Ensuite, disons que les thèmes et pratiques mémorielles – que de façon souvent trop généralisante on nomme « mémoire collective » – relèvent de constructions dans lesquelles entrent en jeu des cadres sociaux et culturels, des facteurs politiques et épistémologiques, des dispositifs discursifs et de représentation interagissant les uns avec et sur les autres. Ce faisant, les questions de mémoire renvoient au passé par le prisme des interprétations qui en sont faites ; c’est de cette façon que l’on entre en rapport avec lui. Il faut ajouter à cela que nos sociétés démocratiques ont ceci de spécifique que le rapport mémoriel à leur histoire s’est constitué comme un pôle majeur de subjectivation, indexé à des valeurs morales humanistes de justice et de dignité où la reconnaissance de la victime, définie comme fragile et subissante, est centrale. Le paysage ne serait-il pas un des lieux et un des médias de cette reconnaissance ?

En tout cas, on comprendra facilement que la conjonction de ces deux « prémisses » aboutit à voir le paysage mémoriel comme une construction. Peut-être même le paysage est-il à la nature ce que la mémoire est au passé, ce qui les lie respectivement étant une relation paradoxale d’inaccessibilité et d’étonnante similitude. S’exerce là une médiation toute particulière où la nature se combine au passé d’où résulte une illusion référentielle par la double opération mimétique du paysage et du mémoriel – car aussi bien le paysage que la mémoire sont censés représenter leur référent de telle façon qu’on ait au moins l’impression de les y reconnaître –, opération dans laquelle la part d’imaginaire n’est pas moins décisive que la part réelle. Combien de fois prend-on le paysage pour la nature, la mémoire pour le passé ?

Cette étonnante similitude (paysage et nature, mémoire et passé) demande réflexion. Elle nous conduit à une question, généralement négligée – nous étant soufflée par les études littéraires – que partagent paysage et mémoriel : la question du réalisme. Or, si le propre du réalisme conventionnel est de ne pas montrer les techniques qui édifient l’illusion du comme si (Hamon), le propre du réalisme de notre modernité actuelle est de laisser paraître les techniques en les intégrant à son décor. Faire tomber le quatrième mur participe désormais à l’effet de réel comme les signalétiques et les consoles multimédia dans les parcours mémoriels décrits plus bas resserrent nos liens avec le passé tel qu’on l’imagine et qu’il nous émeut naturellement, a fortiori quand la mémoire de grands crimes se confond avec l’infinitude des paysages.

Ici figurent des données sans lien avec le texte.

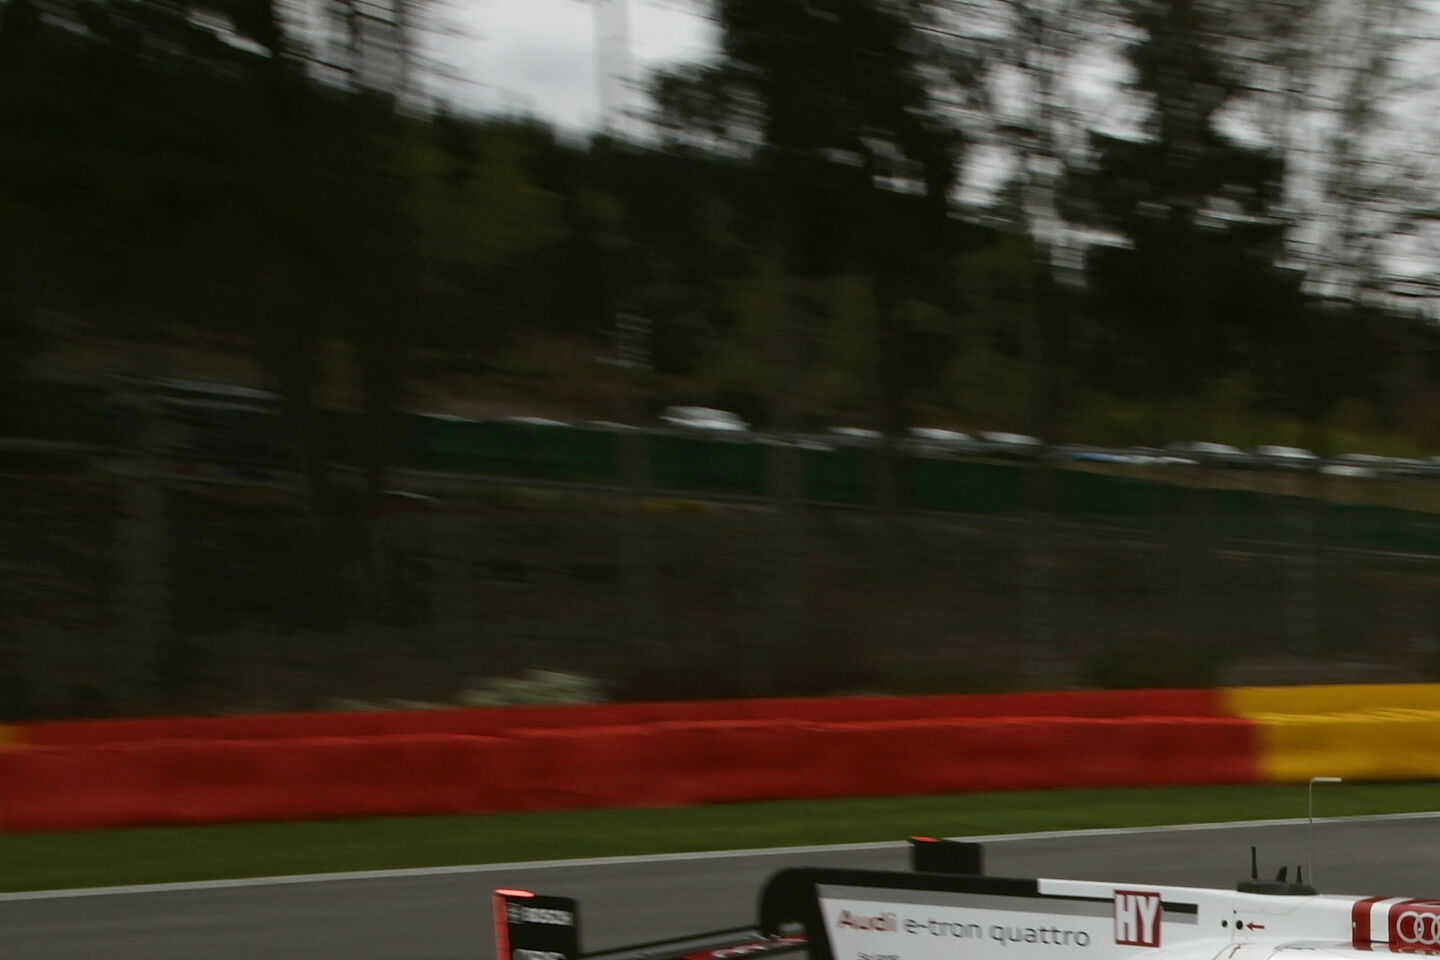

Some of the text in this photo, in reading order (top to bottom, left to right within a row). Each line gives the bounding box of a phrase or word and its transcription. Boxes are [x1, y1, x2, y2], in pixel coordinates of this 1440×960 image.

[837, 909, 1090, 948] Audi e-tron quattro
[1114, 893, 1160, 945] HY
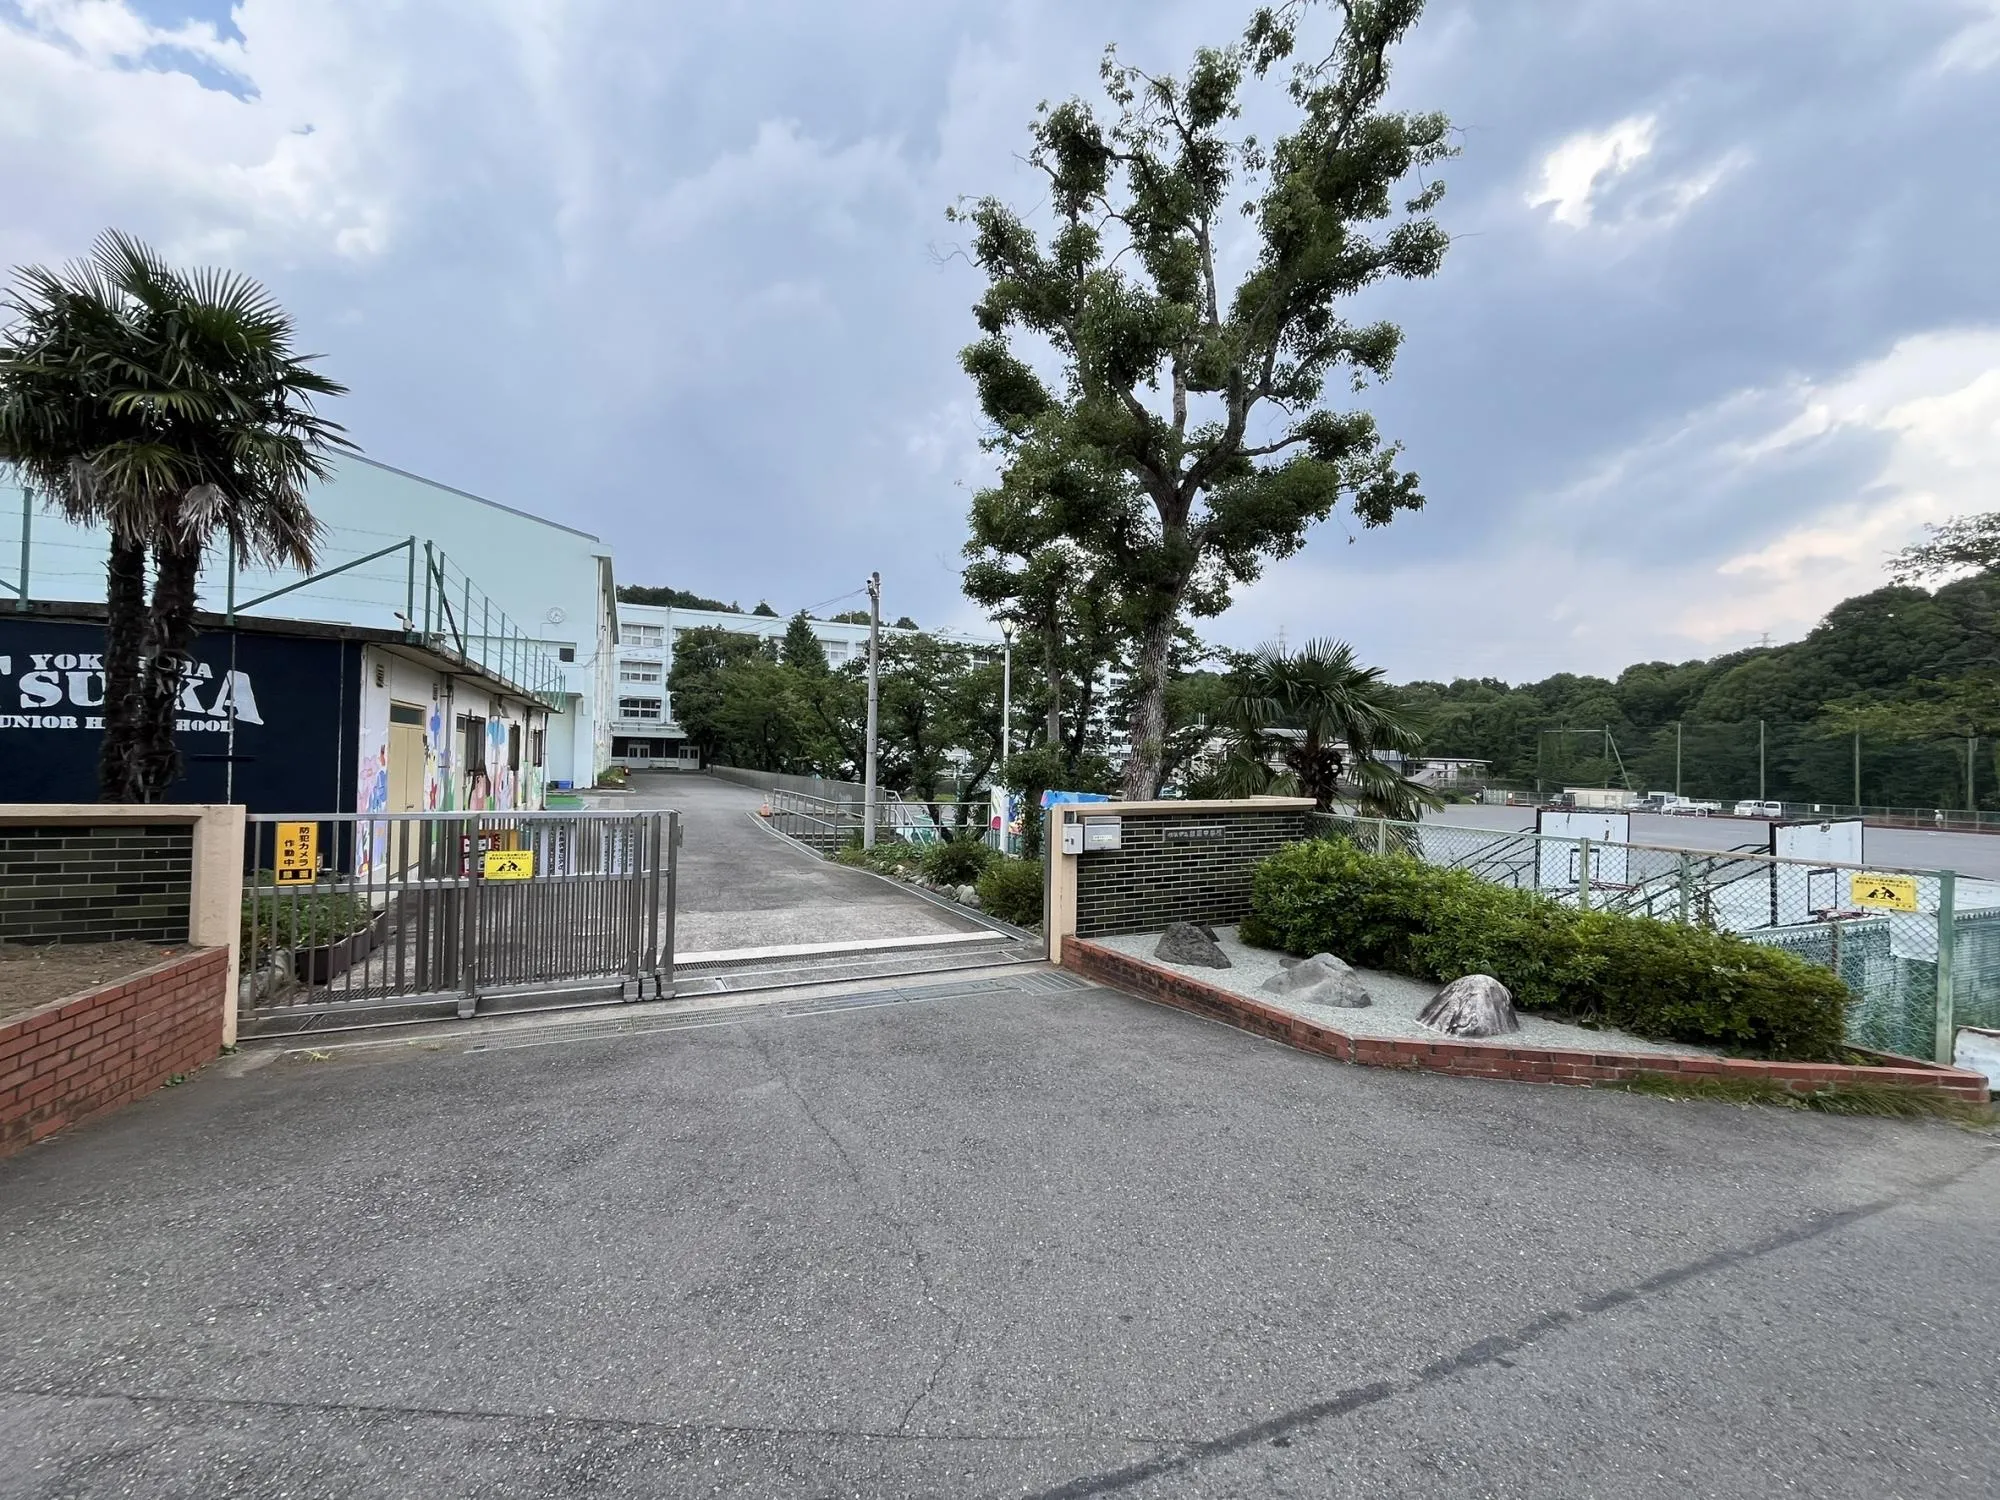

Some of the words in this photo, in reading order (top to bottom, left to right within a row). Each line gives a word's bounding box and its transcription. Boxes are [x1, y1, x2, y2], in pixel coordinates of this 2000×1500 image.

[29, 654, 214, 679] YOKMA
[0, 656, 264, 725] SUKA
[0, 715, 79, 729] UNIOR
[175, 719, 233, 732] HOOL
[284, 839, 295, 866] 作動中
[299, 826, 310, 867] 防犯カメラ

Il semble pour cela important de reconsidérer le paysage mémoriel à partir du réalisme et du rapport référentiel in-situ qu’il instaure.

PAYSAGE, MÉMOIRE ET IDENTITÉ

Si aujourd’hui l’identification de sites mémoriels, ne serait-ce que par le tourisme, appartient à notre culture commune, la tournure particulière que prend au XIXe siècle le rapport collectif entre paysage et mémoire aide à situer les enjeux de ce dont on est contemporain. Il existe effectivement un lien datant de cette époque historique entre identité et nature structuré par le binôme paysage-mémoire qui s’affirme alors comme, non pas « paysage mémoriel », mais « paysage identitaire ». Cette représentation, élaborée notamment via la littérature et la peinture, porte les marques d’un passé dans lequel se reconnaissent les membres d’un groupe ancré dans un territoire sur lequel se déploie, comme en miroir, ledit paysage où ce groupe fonde naturellement son identité. Un tel paysage, renvoyant à son observateur l’identité de sa communauté d’appartenance, est mimétiquement redoublé par un paysage mental qui conditionne sa reconnaissance comme telle. Il est validé par la relation qui se soude entre identité et nature de même que, par réversibilité, la collusion entre nature et identité le valide. Je ne verrai jamais le Fuji-Yama comme un Japo- nais le voit, même sans l’avoir devant lui, de même pour le mont Olympe et, probablement, le mont Rushmore2. Et que l’identification du paysage puisse être sous-tendue par un mythe ne fait que renforcer le pacte de croyance d’autant qu’il détourne des enjeux politiques qui le conditionnent. C’est là toute la puissance des paysages dans l’imaginaire communautaire, puissance exhaussée quand les communautés sont diasporiques, séparées de leur terre d’origine par une histoire violente politique ou économique. On pense au mont Ararat dont l’image, pour les Arméniens au dehors du territoire national de la République d’Arménie, est affectée par la nostalgie de la terre perdue et, creusant ce sentiment, par l’empreinte du génocide de 1917 et de l’exil qui s’en est suivi pour la plupart des survivants. À un tout autre niveau historique, la poésie et les romans de Walter Scott ont largement contribué à édifier l’image de l’Écosse romantique avec, exemple des plus connus, La Dame du lac (1810) regorgeant d’une présence paysagère imprégnée de mémoires nationales.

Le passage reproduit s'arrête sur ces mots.